Developmental expression of VGLUT1 in ribbon synapses of mammalian retina

VGLUT1 was expressed at ribbon synapses in the OPL and IPL of the rat retina (Fig. 1A), and it was absent from all conventional synapses (amacrine-ganglio n cell synapses) in rat and mouse retinas [25,41]. The developmental expression of VGLUT1 showed a distinct temporal sequence (Fig. 3).
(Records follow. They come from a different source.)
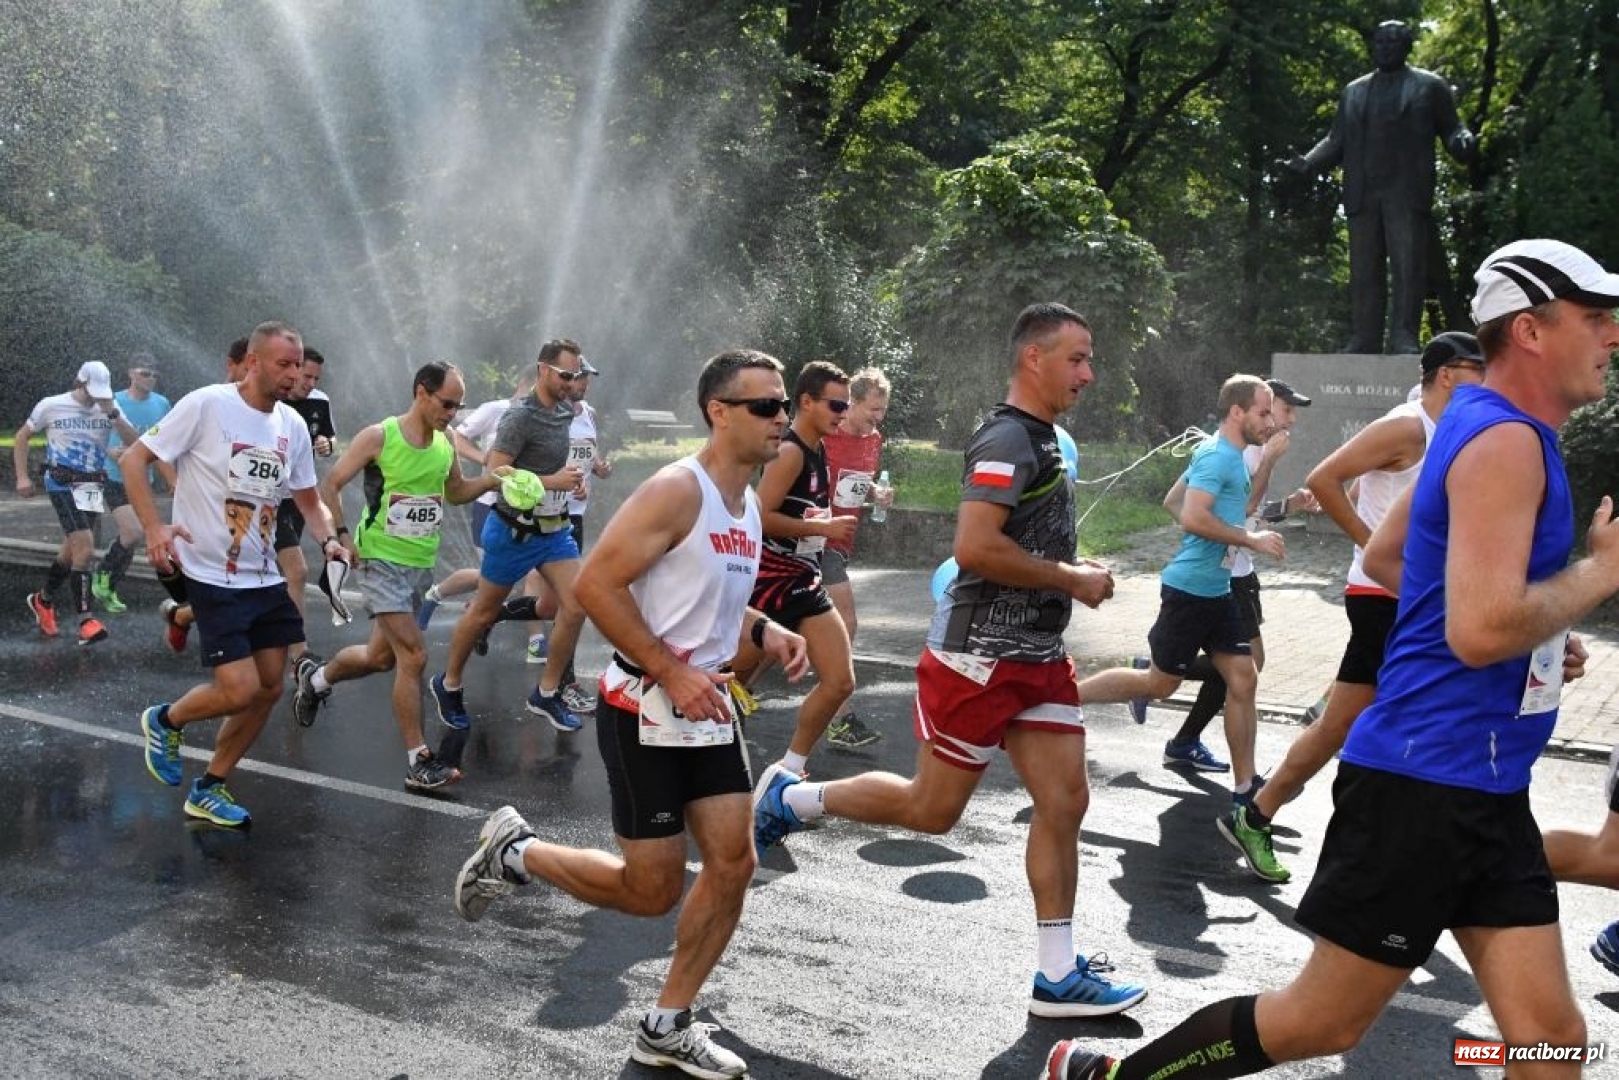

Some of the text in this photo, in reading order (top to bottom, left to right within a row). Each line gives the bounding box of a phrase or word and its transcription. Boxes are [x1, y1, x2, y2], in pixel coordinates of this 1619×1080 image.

[571, 446, 592, 460] 786
[247, 459, 279, 482] 284
[405, 507, 437, 523] 485
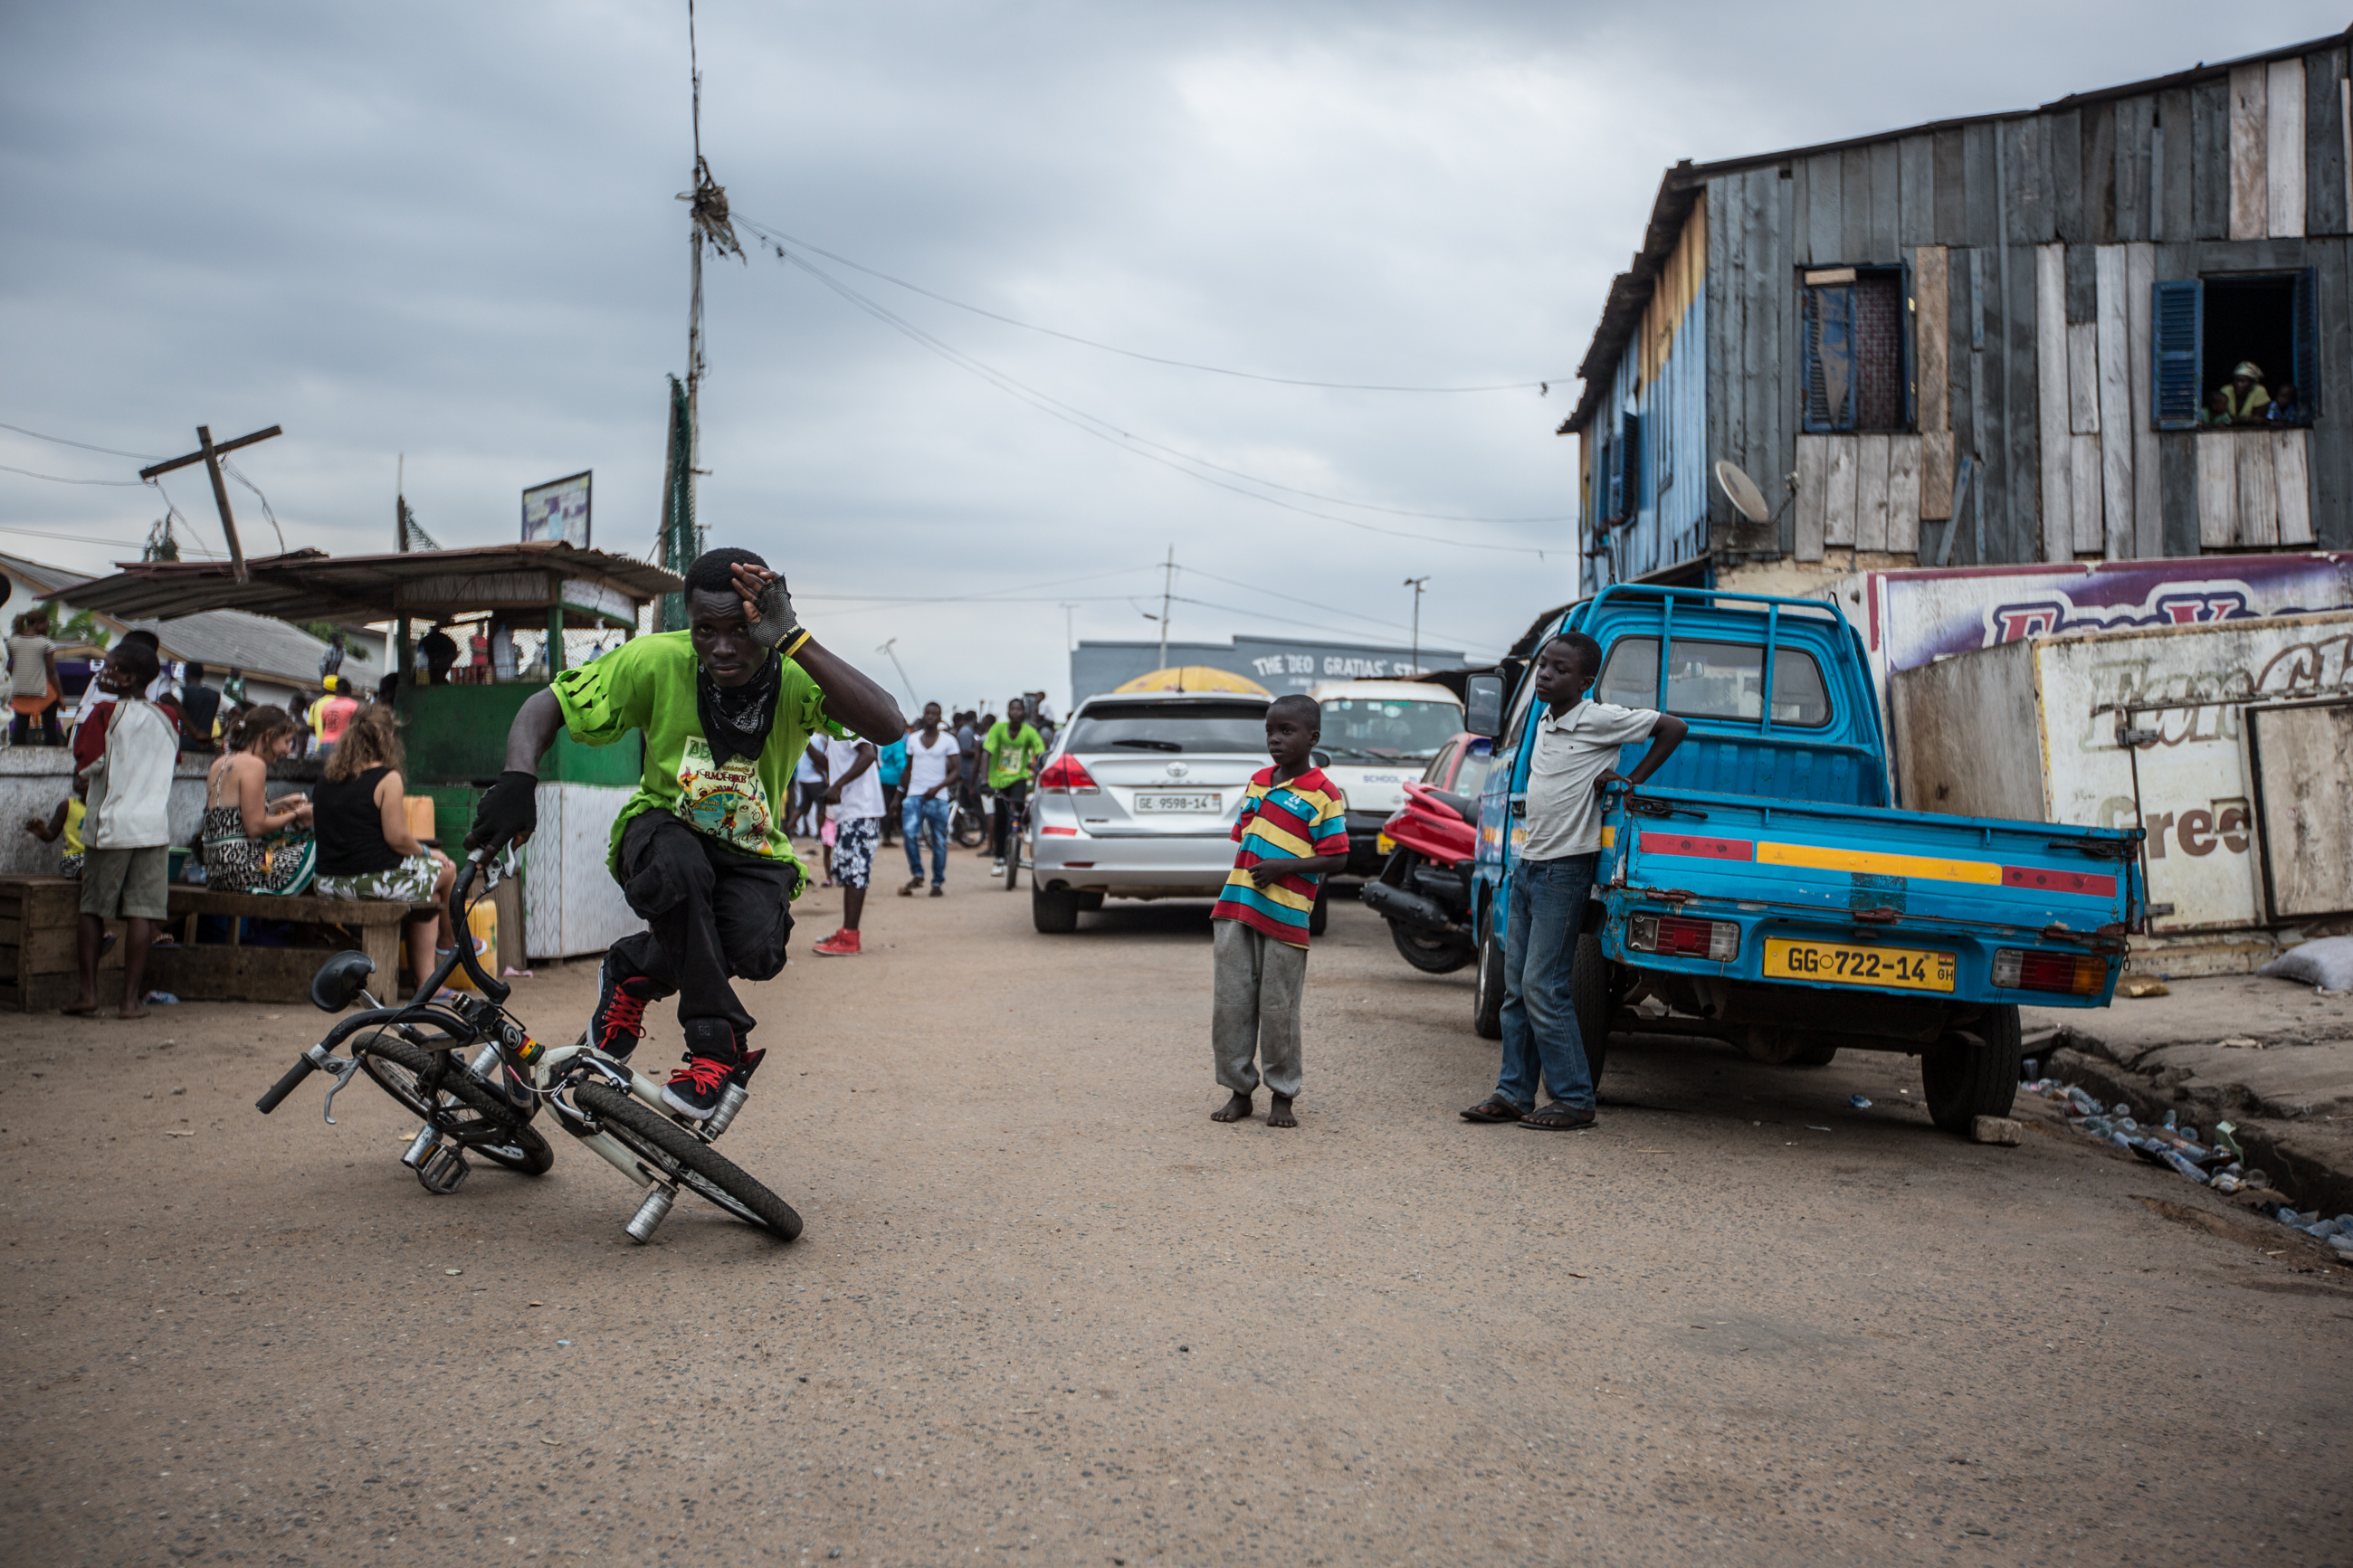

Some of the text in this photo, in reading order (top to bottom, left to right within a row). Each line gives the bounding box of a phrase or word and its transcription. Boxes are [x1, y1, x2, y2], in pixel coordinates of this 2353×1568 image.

[1252, 654, 1285, 678] THE
[1362, 774, 1401, 784] SCHOOL
[1138, 797, 1154, 809] GE
[1159, 797, 1207, 809] 9598-14
[1289, 792, 1303, 805] 24
[1788, 947, 1955, 982] GG 722-14 GH
Weak VGLUT1 immunolabeling was first revealed in developing photoreceptor terminals within the OPL at P5 (Fig. 3B), corresponding to the ontogenesis of the cone photoreceptor synapse [4], and followed by development of glutamatergic signals in the IPL at P6 (Fig. 3C), which is correlated with the development of bipolar cell terminals in the OFF sublamina of the IPL [41]. In the OPL the levels of VGLUT1 immunostaining in photoreceptor terminals increased during the second postnatal week and at P15 were similar to adult levels (Fig. 3G). In the IPL, the levels of VGLUT1 immunostaining appeared within both the ON and OFF sublamina by P10 (Fig. 3F, inset), immunostaining within both the OPL and IPL was prominent by P15 and afterward, characterized by strong immunoreactive puncta in these synaptic layers (Fig. 3H–I), which is identical to the expression observed in the adult retina (Fig. 1A).
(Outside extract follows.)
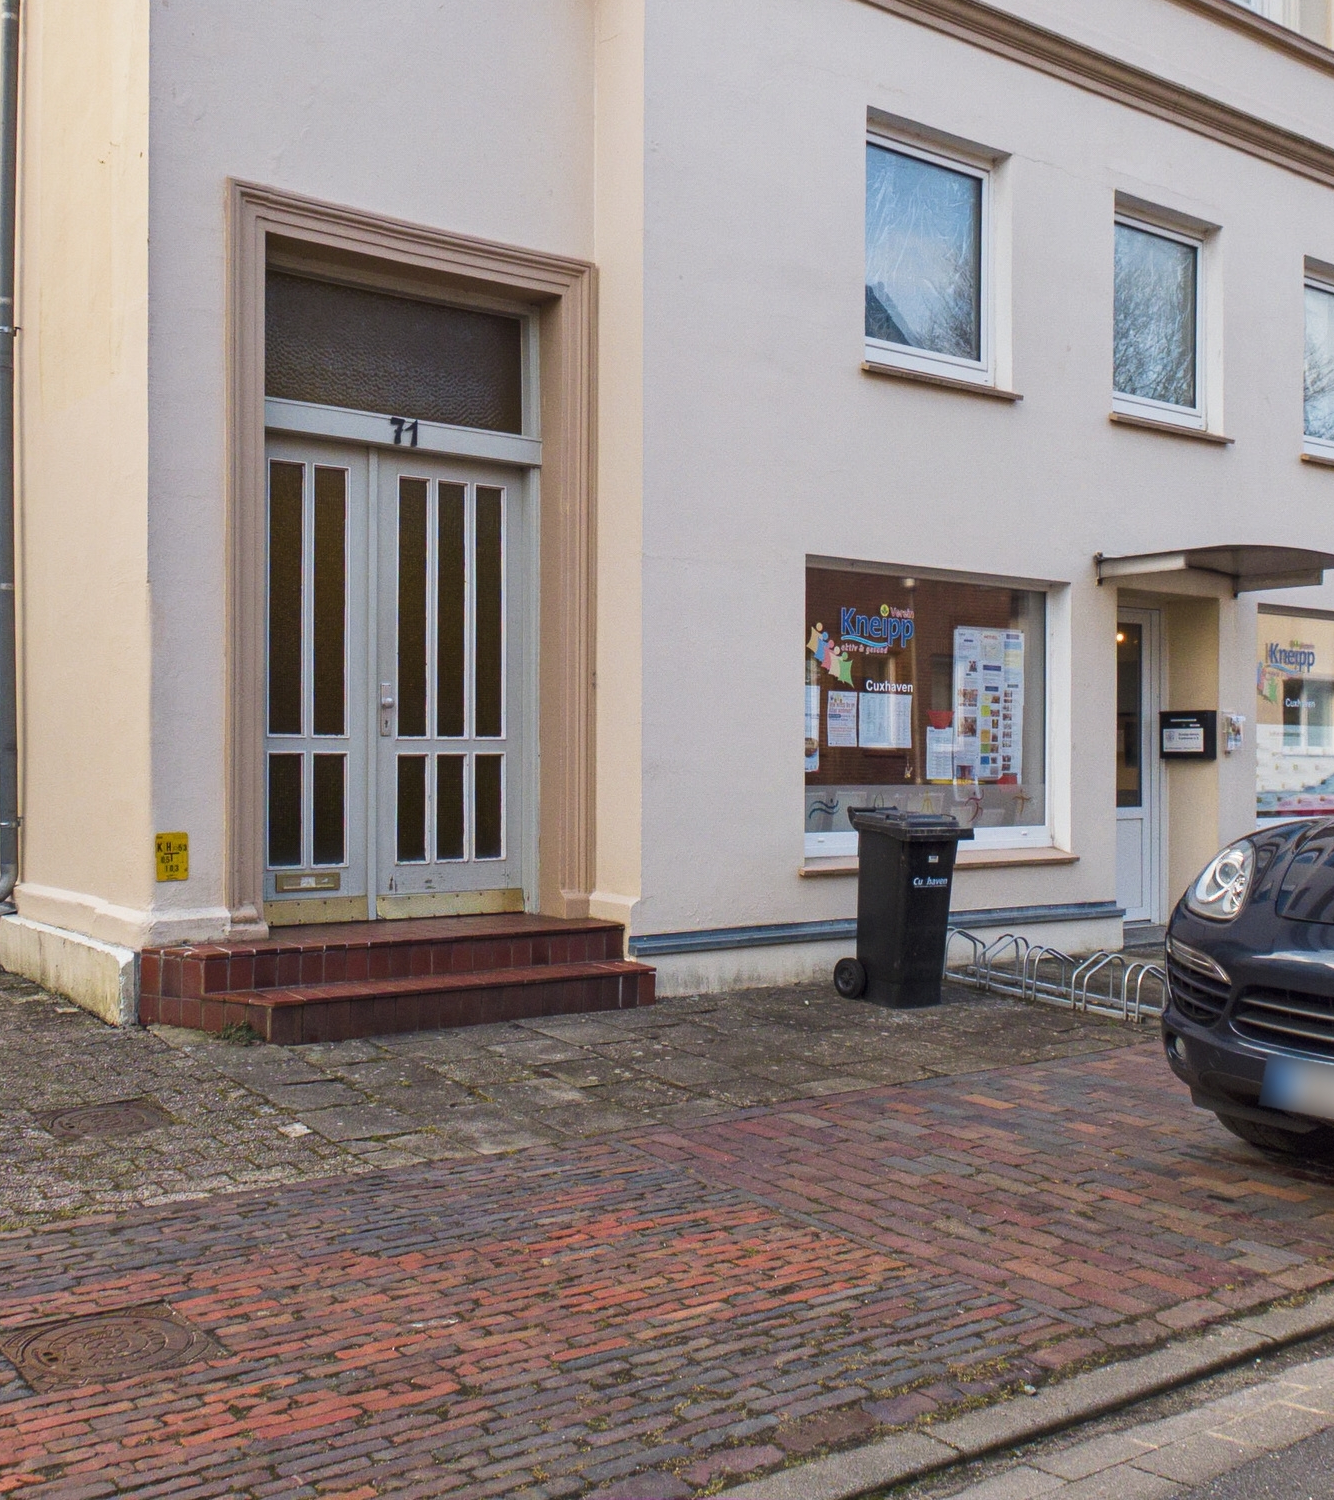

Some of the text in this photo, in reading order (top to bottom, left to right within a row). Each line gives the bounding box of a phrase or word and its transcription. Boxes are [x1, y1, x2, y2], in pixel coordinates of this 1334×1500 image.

[390, 417, 418, 447] 71
[841, 605, 915, 648] Kneipp
[1269, 642, 1315, 673] Kneipp
[865, 679, 914, 693] Cuxhaven
Developmental expression of VGLUT2 in ganglion cells of mammalian retina

Unlike VGLUT1, VGLUT2 was expressed predominately in cell bodies of GCL (Fig. 4). This observation is in agreement with previous reports from other groups studying VGLUT2 in rodent retina [13,25,41]. Very faint immunoreactivity in the somas was first observed in the GCL at P0 (Fig 4), the expression increased at P6 and remained strong through to the adult retina. Faint immunoreactivity was also present in the IPL at P10 and remained present in the adult retina (Fig. 1G and Fig. 4). VGLUT2 immunoreactivity in Müller cells has been reported in mouse retina [25,41], however as suggested previously this immunostaining might be non-specific [25]. In addition, one study observed VGLUT2 immunolabeling in cone terminals of the mouse retina [50], and VGLUT2 immunolabeling in horizontal cells of the adult rat retina [15]. However, we observed no obvious labeling of VGLUT2 in the OPL suggesting that VGLUT2 expression is either absent from cones or horizontal cells in the rat retina, or the fixation conditions and/or tissue preparation might be the reason for the lack of signal in the OPL of the rat retina.

Figure 4
Expression of VGLUT2 in the postnatal rat retina. Increasing immunoreactivity in the ganglion cell layer is present from P0 throughout all developmental stages. Arrows indicate somatic immunolabeling in the GCL


We evaluated the developmental expression pattern of VGLUT3 and compared that to the ontogeny of VGLUT 1 and 2 in the rat retina. The expression of VGLUTs in postnatal rat retina suggests that these proteins underlie distinct functions involving glutamate release. VGLUT1 was expressed solely in photoreceptor and bipolar cell terminals in rat retina during development (Fig. 3), suggesting that glutamate acts as a transmitter at ribbon synapses as previously reported [25,41]. VGLUT2 was expressed primarily in cell bodies within the GCL during development (Fig.4), this finding is consistent with the reported localization of VGLUT2 in glutamatergic neurons in the retina [13,25,41]. The distribution of VGLUT2 in cell bodies contrasts strongly with that of VGLUT1 in photoreceptors and bipolar cells because VGLUT1 was restricted solely to synaptic terminals during development (Fig. 3 and Fig. 4). However, the somatic distribution of VGLUT2 in the GCL is similar to the somatic distribution of VGLUT3 in amacrine cells. VGLUT3 is expressed in all cell compartments during development, the soma, axon and processes (Fig. 2); suggesting that these transporters may be involved in functions other than the synaptic release of glutamate.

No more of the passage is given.